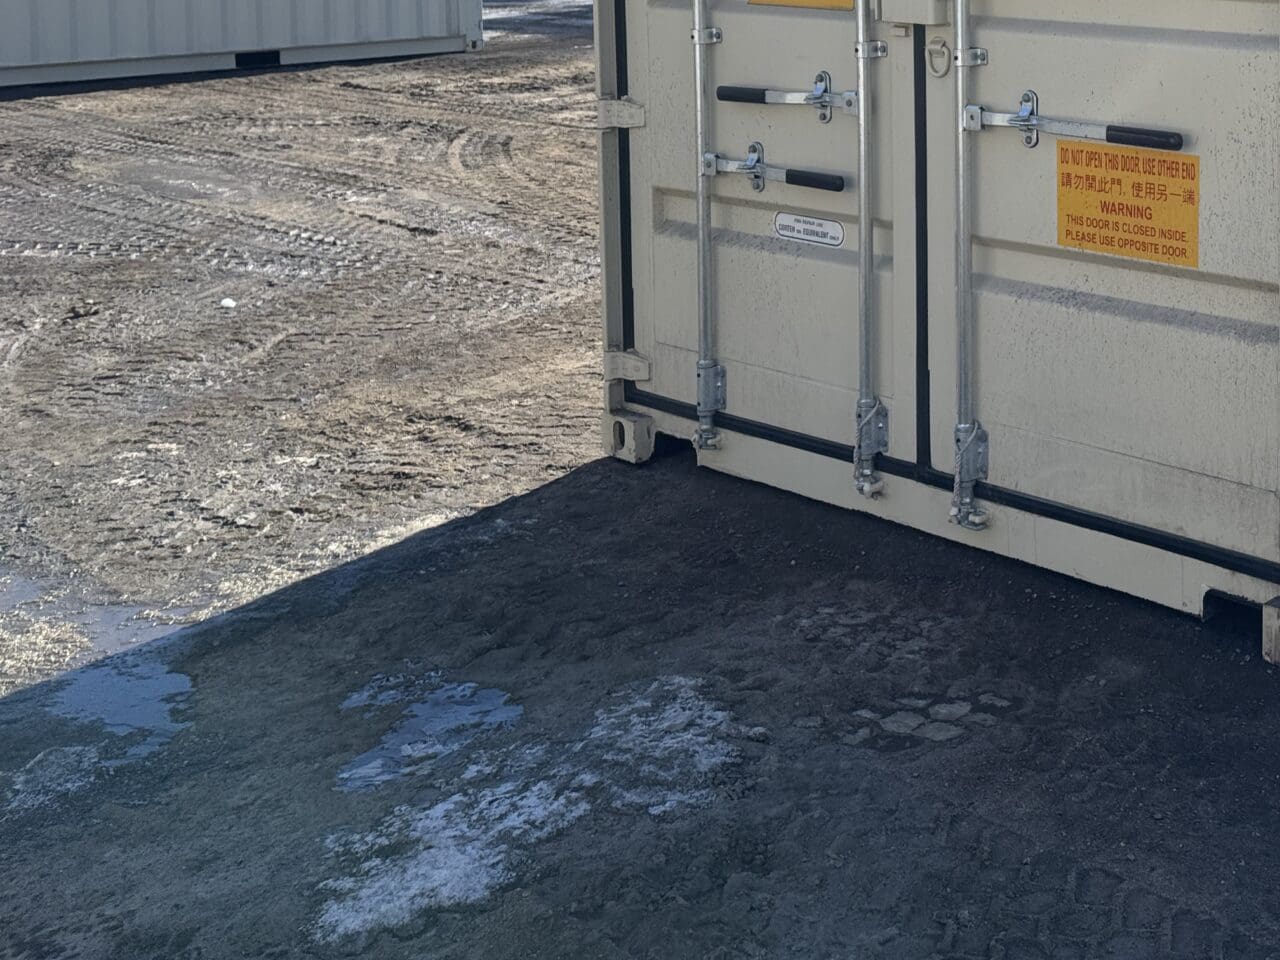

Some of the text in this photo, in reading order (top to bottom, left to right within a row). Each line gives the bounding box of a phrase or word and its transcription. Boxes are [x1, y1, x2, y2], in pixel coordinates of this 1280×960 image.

[1060, 147, 1070, 164] DO
[1071, 149, 1084, 165] NOT
[1086, 150, 1102, 168] OPEN
[1104, 152, 1119, 171] THIS
[1143, 157, 1157, 175] USE
[1158, 159, 1180, 178] OTHER
[1181, 162, 1196, 181] END
[1100, 200, 1153, 220] WARNING
[1066, 214, 1084, 226] THIS
[1086, 217, 1110, 231] DOOR
[1112, 221, 1120, 231] IS
[1122, 222, 1156, 238] CLOSED
[1065, 230, 1097, 244] PLEASE
[1099, 234, 1115, 247] USE
[1117, 237, 1159, 254] OPPOSITE

- - - - - - -

* **Goal of the exercise**:
Only the pictures should be left out; the rest of the material above must be repeated exactly.

* **Solution for this problem**:
Some of the text in this photo, in reading order (top to bottom, left to right within a row). Each line gives the bounding box of a phrase or word and its transcription. Boxes are [x1, y1, x2, y2], in pixel coordinates of this 1280×960 image.

[1060, 147, 1070, 164] DO
[1071, 149, 1084, 165] NOT
[1086, 150, 1102, 168] OPEN
[1104, 152, 1119, 171] THIS
[1143, 157, 1157, 175] USE
[1158, 159, 1180, 178] OTHER
[1181, 162, 1196, 181] END
[1100, 200, 1153, 220] WARNING
[1066, 214, 1084, 226] THIS
[1086, 217, 1110, 231] DOOR
[1112, 221, 1120, 231] IS
[1122, 222, 1156, 238] CLOSED
[1065, 230, 1097, 244] PLEASE
[1099, 234, 1115, 247] USE
[1117, 237, 1159, 254] OPPOSITE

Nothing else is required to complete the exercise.